Work required> Would you reproduce each of the records below precisely, with the pictures left out?

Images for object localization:
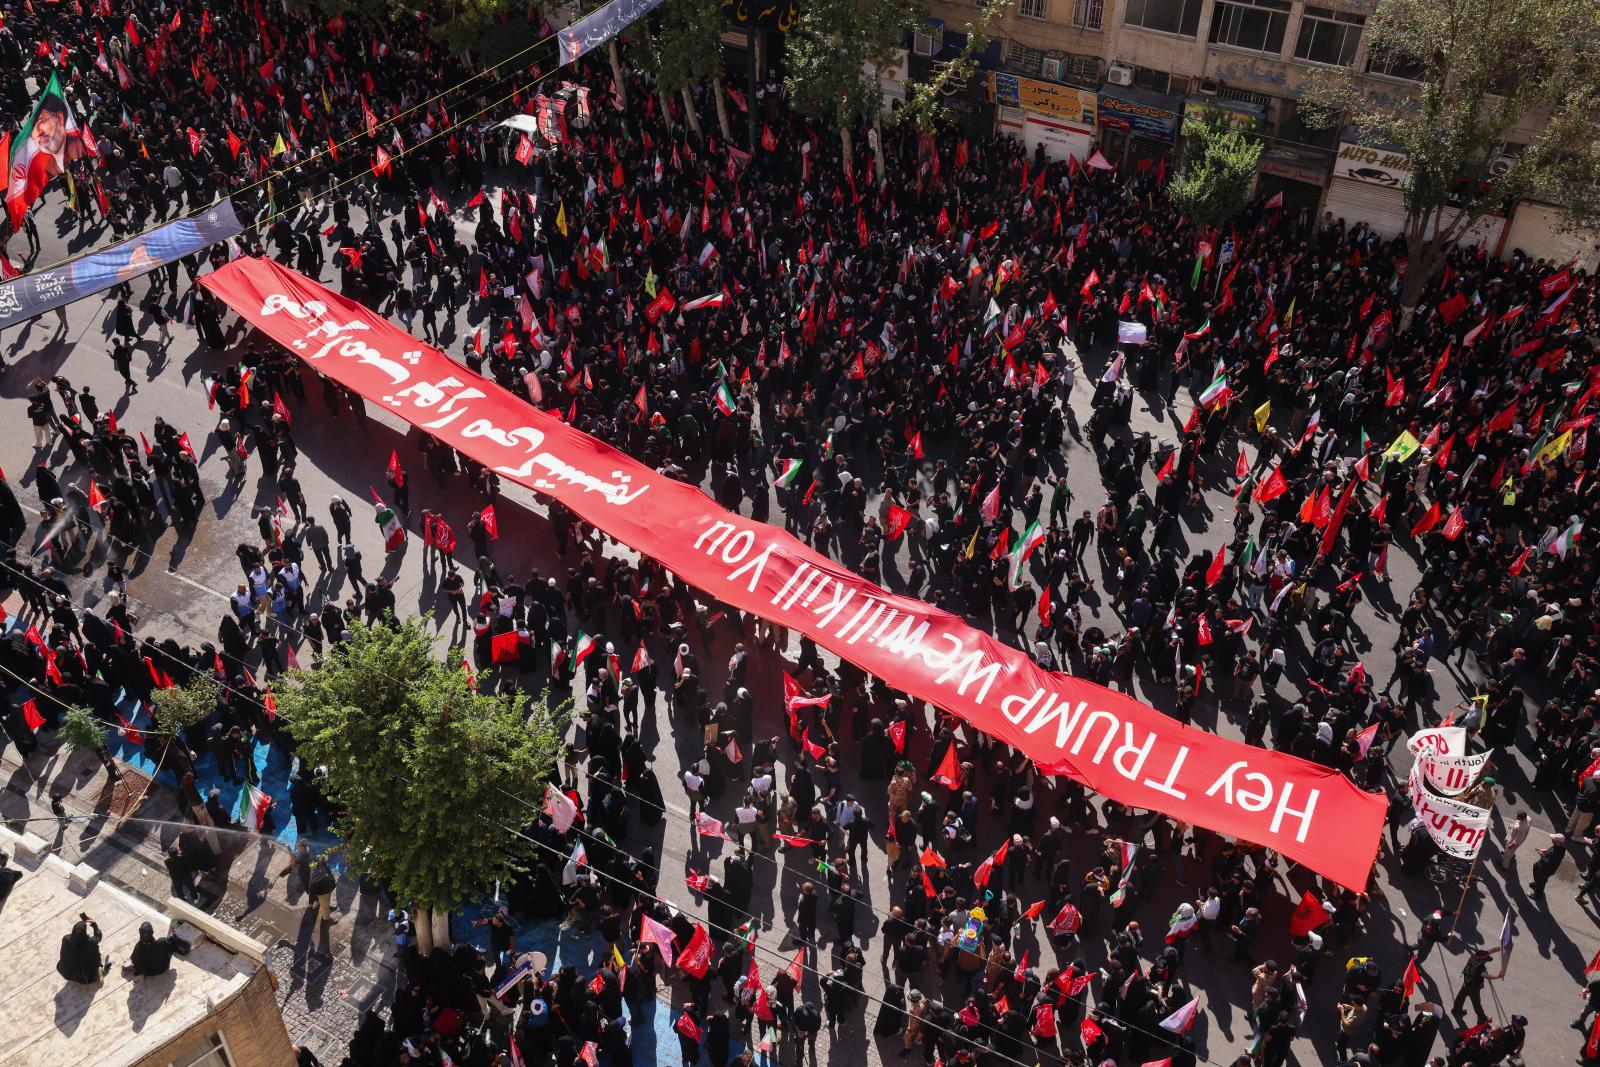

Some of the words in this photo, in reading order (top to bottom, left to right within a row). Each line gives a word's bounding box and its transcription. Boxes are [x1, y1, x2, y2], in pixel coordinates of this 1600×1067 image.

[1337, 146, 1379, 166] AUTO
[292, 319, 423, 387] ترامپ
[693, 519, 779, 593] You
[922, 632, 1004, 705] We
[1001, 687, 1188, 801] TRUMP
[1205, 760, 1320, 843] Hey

Solution to this exercise>
Some of the words in this photo, in reading order (top to bottom, left to right within a row). Each line gives a word's bounding box and its transcription. Boxes are [x1, y1, x2, y2], in pixel coordinates of this 1600×1067 image.

[1337, 146, 1379, 166] AUTO
[292, 319, 423, 387] ترامپ
[693, 519, 779, 593] You
[922, 632, 1004, 705] We
[1001, 687, 1188, 801] TRUMP
[1205, 760, 1320, 843] Hey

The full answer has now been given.